Entretanto, a presença de uma ferida difícil não significa automaticamente que o paciente precise de terapia a vácuo. Antes da indicação é necessário avaliar circulação sanguínea, presença de tecido desvitalizado, infecção, profundidade da lesão, estruturas expostas, quantidade de secreção e condições clínicas do paciente.
E quando o curativo a vácuo não deve ser utilizado?
Existem situações em que a terapia pode ser contraindicada ou exigir cuidados especiais. Entre elas estão sangramento ativo ou elevado risco de hemorragia, tecido necrótico ainda não adequadamente removido, osteomielite não tratada, algumas fístulas não investigadas, presença de tecido tumoral na ferida e contato direto do sistema com vasos sanguíneos importantes, órgãos ou outras estruturas vulneráveis. Quadros de isquemia importante também precisam ser avaliados antes da utilização da pressão negativa.
Feridas infectadas também exigem atenção. A Terapia por Pressão Negativa pode fazer parte do tratamento de algumas feridas contaminadas ou infectadas, mas não substitui limpeza adequada, desbridamento, controle da causa da infecção e antibioticoterapia quando esta estiver indicada.
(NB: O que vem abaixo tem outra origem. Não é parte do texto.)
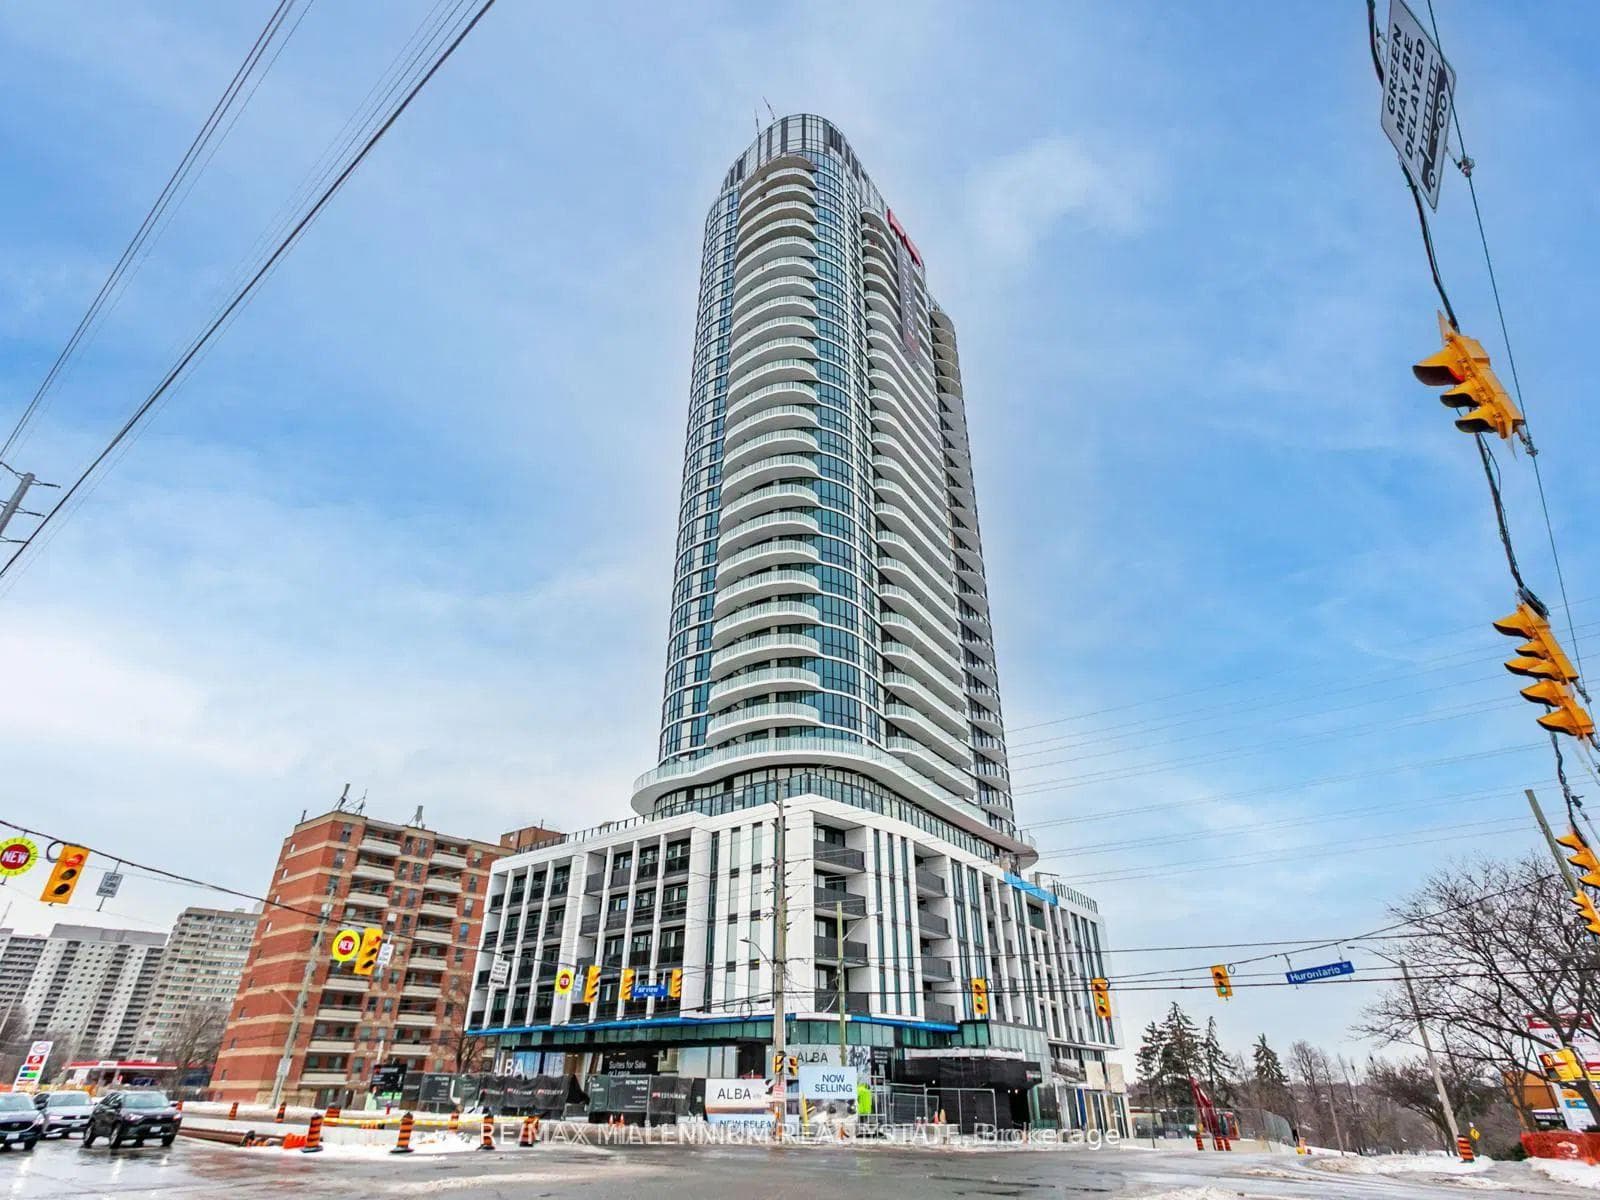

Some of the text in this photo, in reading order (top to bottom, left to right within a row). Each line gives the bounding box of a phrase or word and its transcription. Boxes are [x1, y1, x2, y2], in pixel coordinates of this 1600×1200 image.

O melhor curativo é aquele que faz sentido para aquela ferida
A Terapia por Pressão Negativa é uma das tecnologias disponíveis atualmente para o tratamento de feridas, mas seu maior benefício aparece quando existe uma indicação precisa e um objetivo bem definido.
Na Cicatriclin, a decisão sobre utilizar ou não o curativo a vácuo é feita a partir da avaliação da ferida e das condições clínicas de cada paciente. Quando indicado, o objetivo é incorporá-lo como parte de uma estratégia de cicatrização: fazer a ferida avançar, superar fases em que a evolução está lenta e buscar o melhor caminho para que o paciente permaneça o menor tempo necessário em tratamento.
Porque, no fim, tecnologia no tratamento de feridas não deve significar apenas utilizar um curativo diferente. Deve significar utilizar a ferramenta certa, no momento certo, para ajudar a cicatrização a avançar.